**Task input**
+-------+
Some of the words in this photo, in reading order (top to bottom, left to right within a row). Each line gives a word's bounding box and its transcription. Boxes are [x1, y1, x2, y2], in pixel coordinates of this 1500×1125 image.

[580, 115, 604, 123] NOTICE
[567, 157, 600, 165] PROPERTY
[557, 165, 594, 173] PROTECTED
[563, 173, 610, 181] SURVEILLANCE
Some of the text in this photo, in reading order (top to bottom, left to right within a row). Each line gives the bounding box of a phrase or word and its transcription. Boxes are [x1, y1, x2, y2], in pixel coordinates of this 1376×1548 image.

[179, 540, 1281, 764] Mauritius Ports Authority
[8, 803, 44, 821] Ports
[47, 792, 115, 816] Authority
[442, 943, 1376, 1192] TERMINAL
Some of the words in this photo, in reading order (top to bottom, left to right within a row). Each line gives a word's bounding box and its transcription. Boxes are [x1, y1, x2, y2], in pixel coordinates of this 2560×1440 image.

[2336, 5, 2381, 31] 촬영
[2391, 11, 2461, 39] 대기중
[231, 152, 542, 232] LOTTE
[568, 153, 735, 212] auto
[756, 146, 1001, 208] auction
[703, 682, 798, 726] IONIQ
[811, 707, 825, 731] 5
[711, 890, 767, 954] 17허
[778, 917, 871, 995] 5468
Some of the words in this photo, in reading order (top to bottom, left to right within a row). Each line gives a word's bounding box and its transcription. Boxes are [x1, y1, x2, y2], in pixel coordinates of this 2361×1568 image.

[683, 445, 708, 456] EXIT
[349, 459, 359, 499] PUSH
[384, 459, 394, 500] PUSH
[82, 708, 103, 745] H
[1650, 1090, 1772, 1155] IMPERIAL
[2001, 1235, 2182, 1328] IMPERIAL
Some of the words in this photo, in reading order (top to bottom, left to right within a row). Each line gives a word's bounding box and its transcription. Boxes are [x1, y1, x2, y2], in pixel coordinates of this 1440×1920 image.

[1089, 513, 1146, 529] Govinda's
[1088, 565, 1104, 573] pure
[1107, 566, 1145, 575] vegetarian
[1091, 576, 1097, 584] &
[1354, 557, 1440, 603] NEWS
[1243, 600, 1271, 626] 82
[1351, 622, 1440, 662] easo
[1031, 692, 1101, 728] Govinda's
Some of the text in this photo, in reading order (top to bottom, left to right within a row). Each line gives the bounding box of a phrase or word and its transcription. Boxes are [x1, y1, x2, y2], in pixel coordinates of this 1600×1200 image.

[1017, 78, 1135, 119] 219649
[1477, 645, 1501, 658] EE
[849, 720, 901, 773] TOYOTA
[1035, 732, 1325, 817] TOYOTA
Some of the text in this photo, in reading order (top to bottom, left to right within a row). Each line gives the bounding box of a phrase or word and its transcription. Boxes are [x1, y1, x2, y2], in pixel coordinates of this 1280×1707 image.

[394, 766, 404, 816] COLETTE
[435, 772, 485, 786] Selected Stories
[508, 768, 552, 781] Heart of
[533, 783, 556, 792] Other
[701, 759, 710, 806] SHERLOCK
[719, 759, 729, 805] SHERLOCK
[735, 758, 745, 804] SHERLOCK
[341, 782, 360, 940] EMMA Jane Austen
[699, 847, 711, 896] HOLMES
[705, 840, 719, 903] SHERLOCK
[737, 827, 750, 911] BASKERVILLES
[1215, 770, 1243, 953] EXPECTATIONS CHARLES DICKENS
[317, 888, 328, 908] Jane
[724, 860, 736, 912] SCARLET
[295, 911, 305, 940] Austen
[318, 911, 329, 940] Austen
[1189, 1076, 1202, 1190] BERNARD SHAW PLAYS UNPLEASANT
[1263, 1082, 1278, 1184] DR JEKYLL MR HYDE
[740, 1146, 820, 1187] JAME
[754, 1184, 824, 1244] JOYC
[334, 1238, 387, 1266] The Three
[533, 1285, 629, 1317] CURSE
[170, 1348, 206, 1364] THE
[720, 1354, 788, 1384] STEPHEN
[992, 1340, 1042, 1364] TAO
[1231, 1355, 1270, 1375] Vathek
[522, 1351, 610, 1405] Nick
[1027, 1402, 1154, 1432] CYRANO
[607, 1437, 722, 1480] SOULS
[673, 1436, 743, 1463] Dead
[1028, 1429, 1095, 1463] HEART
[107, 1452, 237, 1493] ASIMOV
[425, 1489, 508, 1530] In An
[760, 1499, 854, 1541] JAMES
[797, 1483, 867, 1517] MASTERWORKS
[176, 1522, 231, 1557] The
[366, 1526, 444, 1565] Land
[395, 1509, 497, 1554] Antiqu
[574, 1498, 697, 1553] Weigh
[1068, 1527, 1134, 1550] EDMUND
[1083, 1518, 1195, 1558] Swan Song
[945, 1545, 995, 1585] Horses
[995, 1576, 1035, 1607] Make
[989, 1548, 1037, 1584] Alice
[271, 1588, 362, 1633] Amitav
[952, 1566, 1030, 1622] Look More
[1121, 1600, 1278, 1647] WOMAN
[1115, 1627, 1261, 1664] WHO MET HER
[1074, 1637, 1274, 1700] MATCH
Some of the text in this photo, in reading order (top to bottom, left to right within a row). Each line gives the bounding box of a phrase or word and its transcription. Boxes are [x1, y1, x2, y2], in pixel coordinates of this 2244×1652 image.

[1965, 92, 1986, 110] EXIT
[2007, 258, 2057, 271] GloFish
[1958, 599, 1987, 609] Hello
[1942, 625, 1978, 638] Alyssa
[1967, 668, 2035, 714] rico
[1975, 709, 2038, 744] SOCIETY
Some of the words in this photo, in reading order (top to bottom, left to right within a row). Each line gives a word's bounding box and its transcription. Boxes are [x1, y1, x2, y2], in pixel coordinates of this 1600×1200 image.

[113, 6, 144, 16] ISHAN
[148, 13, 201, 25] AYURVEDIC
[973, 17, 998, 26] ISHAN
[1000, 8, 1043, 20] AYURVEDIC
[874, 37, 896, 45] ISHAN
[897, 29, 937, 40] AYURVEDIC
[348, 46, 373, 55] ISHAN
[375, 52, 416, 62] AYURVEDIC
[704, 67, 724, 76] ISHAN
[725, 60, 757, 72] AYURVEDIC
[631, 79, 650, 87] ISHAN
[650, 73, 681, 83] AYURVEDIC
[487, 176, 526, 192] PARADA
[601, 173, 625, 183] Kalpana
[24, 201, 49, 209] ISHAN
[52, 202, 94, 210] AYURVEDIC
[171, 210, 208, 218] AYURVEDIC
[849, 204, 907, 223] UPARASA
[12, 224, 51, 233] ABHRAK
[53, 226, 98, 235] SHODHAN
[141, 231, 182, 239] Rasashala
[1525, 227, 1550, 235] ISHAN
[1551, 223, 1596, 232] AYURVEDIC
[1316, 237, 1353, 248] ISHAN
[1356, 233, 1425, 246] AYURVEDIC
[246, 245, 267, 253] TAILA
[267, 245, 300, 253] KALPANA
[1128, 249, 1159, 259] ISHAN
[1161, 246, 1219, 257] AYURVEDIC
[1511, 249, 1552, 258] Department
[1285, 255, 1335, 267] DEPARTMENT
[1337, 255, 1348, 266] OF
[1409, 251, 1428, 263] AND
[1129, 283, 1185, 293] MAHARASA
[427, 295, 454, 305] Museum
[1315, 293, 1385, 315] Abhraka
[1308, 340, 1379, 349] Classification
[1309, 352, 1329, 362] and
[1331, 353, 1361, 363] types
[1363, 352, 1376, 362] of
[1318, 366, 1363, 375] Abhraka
+-------+
**What the task asks**
Please copy out the preceding data in full, exactly as written.

**Task answer**
Some of the words in this photo, in reading order (top to bottom, left to right within a row). Each line gives a word's bounding box and its transcription. Boxes are [x1, y1, x2, y2], in pixel coordinates of this 1500×1125 image.

[580, 115, 604, 123] NOTICE
[567, 157, 600, 165] PROPERTY
[557, 165, 594, 173] PROTECTED
[563, 173, 610, 181] SURVEILLANCE
Some of the text in this photo, in reading order (top to bottom, left to right within a row). Each line gives the bounding box of a phrase or word and its transcription. Boxes are [x1, y1, x2, y2], in pixel coordinates of this 1376×1548 image.

[179, 540, 1281, 764] Mauritius Ports Authority
[8, 803, 44, 821] Ports
[47, 792, 115, 816] Authority
[442, 943, 1376, 1192] TERMINAL
Some of the words in this photo, in reading order (top to bottom, left to right within a row). Each line gives a word's bounding box and its transcription. Boxes are [x1, y1, x2, y2], in pixel coordinates of this 2560×1440 image.

[2336, 5, 2381, 31] 촬영
[2391, 11, 2461, 39] 대기중
[231, 152, 542, 232] LOTTE
[568, 153, 735, 212] auto
[756, 146, 1001, 208] auction
[703, 682, 798, 726] IONIQ
[811, 707, 825, 731] 5
[711, 890, 767, 954] 17허
[778, 917, 871, 995] 5468
Some of the words in this photo, in reading order (top to bottom, left to right within a row). Each line gives a word's bounding box and its transcription. Boxes are [x1, y1, x2, y2], in pixel coordinates of this 2361×1568 image.

[683, 445, 708, 456] EXIT
[349, 459, 359, 499] PUSH
[384, 459, 394, 500] PUSH
[82, 708, 103, 745] H
[1650, 1090, 1772, 1155] IMPERIAL
[2001, 1235, 2182, 1328] IMPERIAL
Some of the words in this photo, in reading order (top to bottom, left to right within a row). Each line gives a word's bounding box and its transcription. Boxes are [x1, y1, x2, y2], in pixel coordinates of this 1440×1920 image.

[1089, 513, 1146, 529] Govinda's
[1088, 565, 1104, 573] pure
[1107, 566, 1145, 575] vegetarian
[1091, 576, 1097, 584] &
[1354, 557, 1440, 603] NEWS
[1243, 600, 1271, 626] 82
[1351, 622, 1440, 662] easo
[1031, 692, 1101, 728] Govinda's
Some of the text in this photo, in reading order (top to bottom, left to right within a row). Each line gives the bounding box of a phrase or word and its transcription. Boxes are [x1, y1, x2, y2], in pixel coordinates of this 1600×1200 image.

[1017, 78, 1135, 119] 219649
[1477, 645, 1501, 658] EE
[849, 720, 901, 773] TOYOTA
[1035, 732, 1325, 817] TOYOTA
Some of the text in this photo, in reading order (top to bottom, left to right within a row). Each line gives the bounding box of a phrase or word and its transcription. Boxes are [x1, y1, x2, y2], in pixel coordinates of this 1280×1707 image.

[394, 766, 404, 816] COLETTE
[435, 772, 485, 786] Selected Stories
[508, 768, 552, 781] Heart of
[533, 783, 556, 792] Other
[701, 759, 710, 806] SHERLOCK
[719, 759, 729, 805] SHERLOCK
[735, 758, 745, 804] SHERLOCK
[341, 782, 360, 940] EMMA Jane Austen
[699, 847, 711, 896] HOLMES
[705, 840, 719, 903] SHERLOCK
[737, 827, 750, 911] BASKERVILLES
[1215, 770, 1243, 953] EXPECTATIONS CHARLES DICKENS
[317, 888, 328, 908] Jane
[724, 860, 736, 912] SCARLET
[295, 911, 305, 940] Austen
[318, 911, 329, 940] Austen
[1189, 1076, 1202, 1190] BERNARD SHAW PLAYS UNPLEASANT
[1263, 1082, 1278, 1184] DR JEKYLL MR HYDE
[740, 1146, 820, 1187] JAME
[754, 1184, 824, 1244] JOYC
[334, 1238, 387, 1266] The Three
[533, 1285, 629, 1317] CURSE
[170, 1348, 206, 1364] THE
[720, 1354, 788, 1384] STEPHEN
[992, 1340, 1042, 1364] TAO
[1231, 1355, 1270, 1375] Vathek
[522, 1351, 610, 1405] Nick
[1027, 1402, 1154, 1432] CYRANO
[607, 1437, 722, 1480] SOULS
[673, 1436, 743, 1463] Dead
[1028, 1429, 1095, 1463] HEART
[107, 1452, 237, 1493] ASIMOV
[425, 1489, 508, 1530] In An
[760, 1499, 854, 1541] JAMES
[797, 1483, 867, 1517] MASTERWORKS
[176, 1522, 231, 1557] The
[366, 1526, 444, 1565] Land
[395, 1509, 497, 1554] Antiqu
[574, 1498, 697, 1553] Weigh
[1068, 1527, 1134, 1550] EDMUND
[1083, 1518, 1195, 1558] Swan Song
[945, 1545, 995, 1585] Horses
[995, 1576, 1035, 1607] Make
[989, 1548, 1037, 1584] Alice
[271, 1588, 362, 1633] Amitav
[952, 1566, 1030, 1622] Look More
[1121, 1600, 1278, 1647] WOMAN
[1115, 1627, 1261, 1664] WHO MET HER
[1074, 1637, 1274, 1700] MATCH
Some of the text in this photo, in reading order (top to bottom, left to right within a row). Each line gives the bounding box of a phrase or word and its transcription. Boxes are [x1, y1, x2, y2], in pixel coordinates of this 2244×1652 image.

[1965, 92, 1986, 110] EXIT
[2007, 258, 2057, 271] GloFish
[1958, 599, 1987, 609] Hello
[1942, 625, 1978, 638] Alyssa
[1967, 668, 2035, 714] rico
[1975, 709, 2038, 744] SOCIETY
Some of the words in this photo, in reading order (top to bottom, left to right within a row). Each line gives a word's bounding box and its transcription. Boxes are [x1, y1, x2, y2], in pixel coordinates of this 1600×1200 image.

[113, 6, 144, 16] ISHAN
[148, 13, 201, 25] AYURVEDIC
[973, 17, 998, 26] ISHAN
[1000, 8, 1043, 20] AYURVEDIC
[874, 37, 896, 45] ISHAN
[897, 29, 937, 40] AYURVEDIC
[348, 46, 373, 55] ISHAN
[375, 52, 416, 62] AYURVEDIC
[704, 67, 724, 76] ISHAN
[725, 60, 757, 72] AYURVEDIC
[631, 79, 650, 87] ISHAN
[650, 73, 681, 83] AYURVEDIC
[487, 176, 526, 192] PARADA
[601, 173, 625, 183] Kalpana
[24, 201, 49, 209] ISHAN
[52, 202, 94, 210] AYURVEDIC
[171, 210, 208, 218] AYURVEDIC
[849, 204, 907, 223] UPARASA
[12, 224, 51, 233] ABHRAK
[53, 226, 98, 235] SHODHAN
[141, 231, 182, 239] Rasashala
[1525, 227, 1550, 235] ISHAN
[1551, 223, 1596, 232] AYURVEDIC
[1316, 237, 1353, 248] ISHAN
[1356, 233, 1425, 246] AYURVEDIC
[246, 245, 267, 253] TAILA
[267, 245, 300, 253] KALPANA
[1128, 249, 1159, 259] ISHAN
[1161, 246, 1219, 257] AYURVEDIC
[1511, 249, 1552, 258] Department
[1285, 255, 1335, 267] DEPARTMENT
[1337, 255, 1348, 266] OF
[1409, 251, 1428, 263] AND
[1129, 283, 1185, 293] MAHARASA
[427, 295, 454, 305] Museum
[1315, 293, 1385, 315] Abhraka
[1308, 340, 1379, 349] Classification
[1309, 352, 1329, 362] and
[1331, 353, 1361, 363] types
[1363, 352, 1376, 362] of
[1318, 366, 1363, 375] Abhraka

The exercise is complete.